Plasma recombination in hydrocarbons and hydrocarbon:oxygen mixtures after high-voltage nanosecond discharge

The results of the experimental and numerical study of high-voltage nanosecond discharge afterglow in pure ethane, propane and hydrocarbon:oxygen mixtures are presented for room temperature and pressures from 2 to 20 Torr. Time-resolved electron density during the plasma decay was measured with a microwave interferometer for initial electron densities in the range between 5×10$^{\mathrm{10}}$ and 3×10$^{\mathrm{12}}$ cm$^{\mathrm{-3\thinspace }}$and the effective recombination coefficients were obtained.

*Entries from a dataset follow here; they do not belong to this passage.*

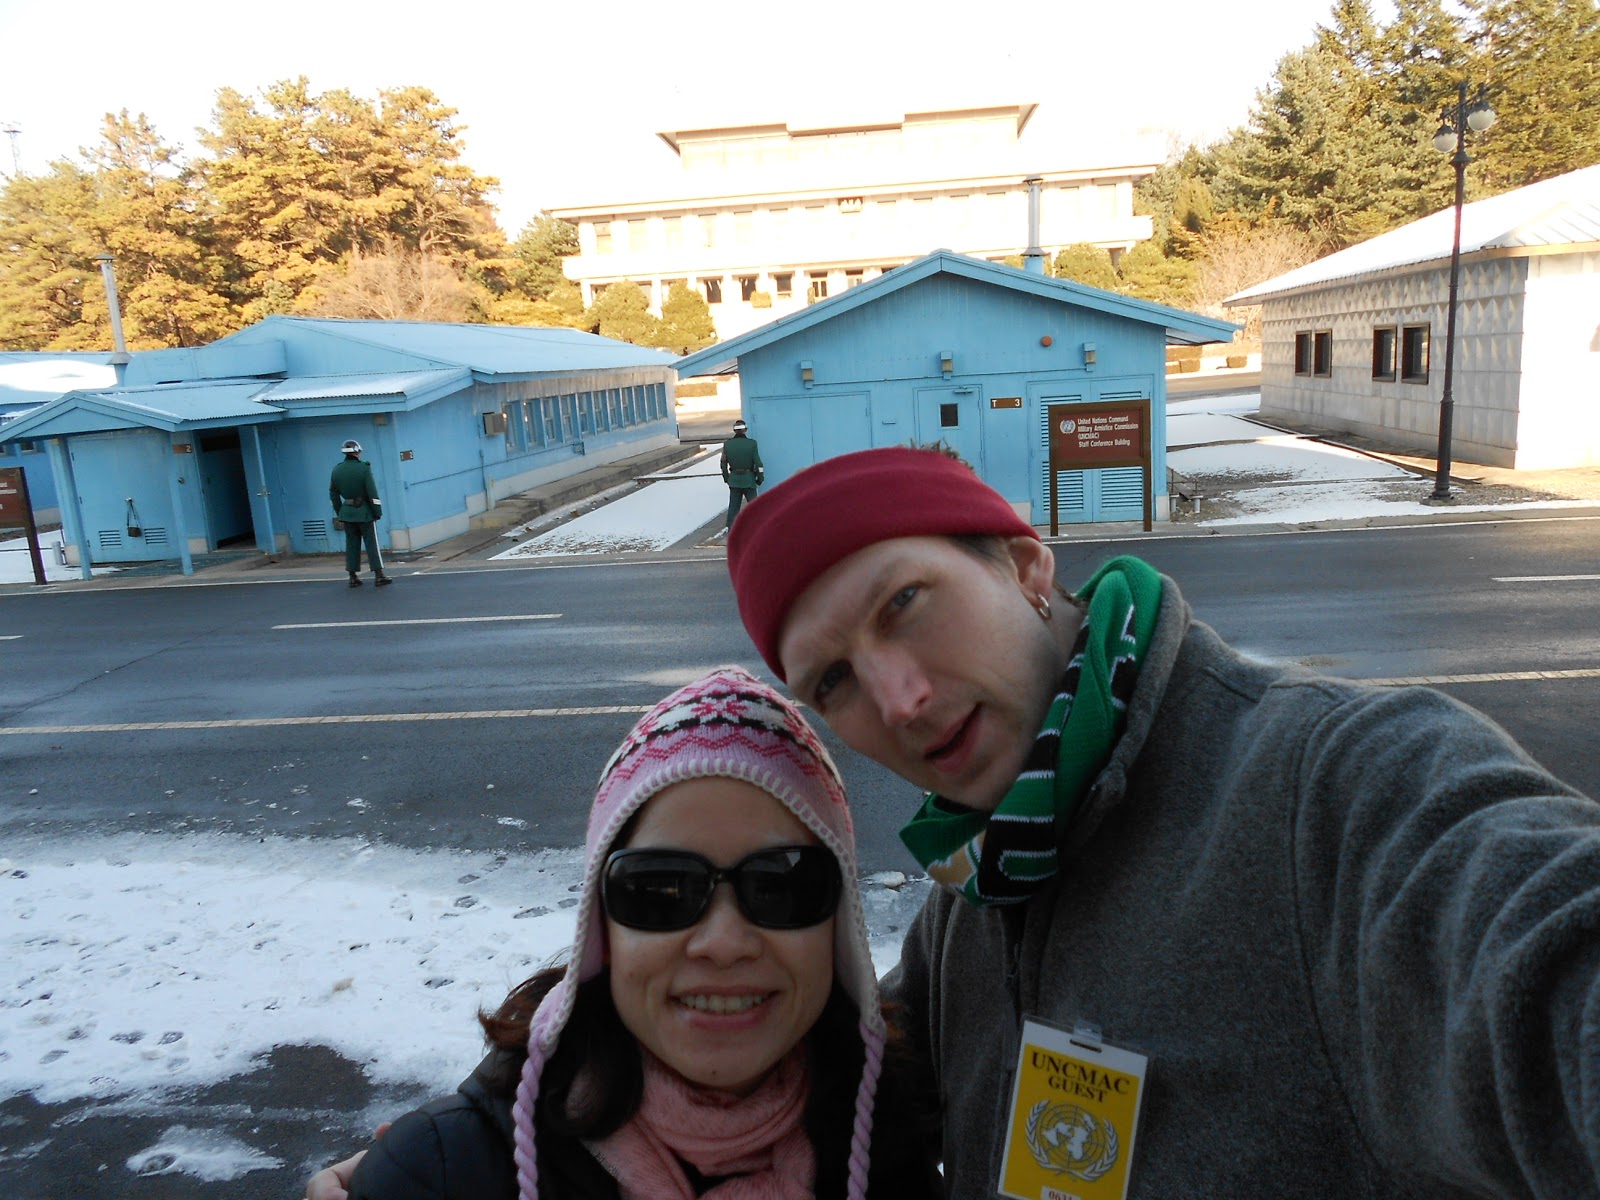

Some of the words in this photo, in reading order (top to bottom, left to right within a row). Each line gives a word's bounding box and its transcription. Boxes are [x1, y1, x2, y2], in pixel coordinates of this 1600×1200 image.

[1014, 399, 1020, 407] 3
[1094, 424, 1113, 432] Armistice
[1078, 432, 1100, 440] (UNCMAC)
[1079, 440, 1089, 448] Staff
[1031, 1051, 1131, 1095] UNCMAC
[1047, 1076, 1109, 1103] GUEST

Measured effective recombination coefficients increased with gas pressure and were much higher than the recombination coefficients for simple molecular hydrocarbon ions. Synergistic effect was observed in hydrocarbon:oxygen mixtures when the recombination rates in the mixtures were higher than those in pure hydrocarbon and in pure oxygen. Calculations showed that electrons had time to thermalize prior to the recombination in hydrocarbon-containing plasma. The measured data were interpreted under the assumption that cluster hydrocarbon ions are formed during the plasma decay that is controlled by the dissociative electron recombination with these ions at electron room temperature.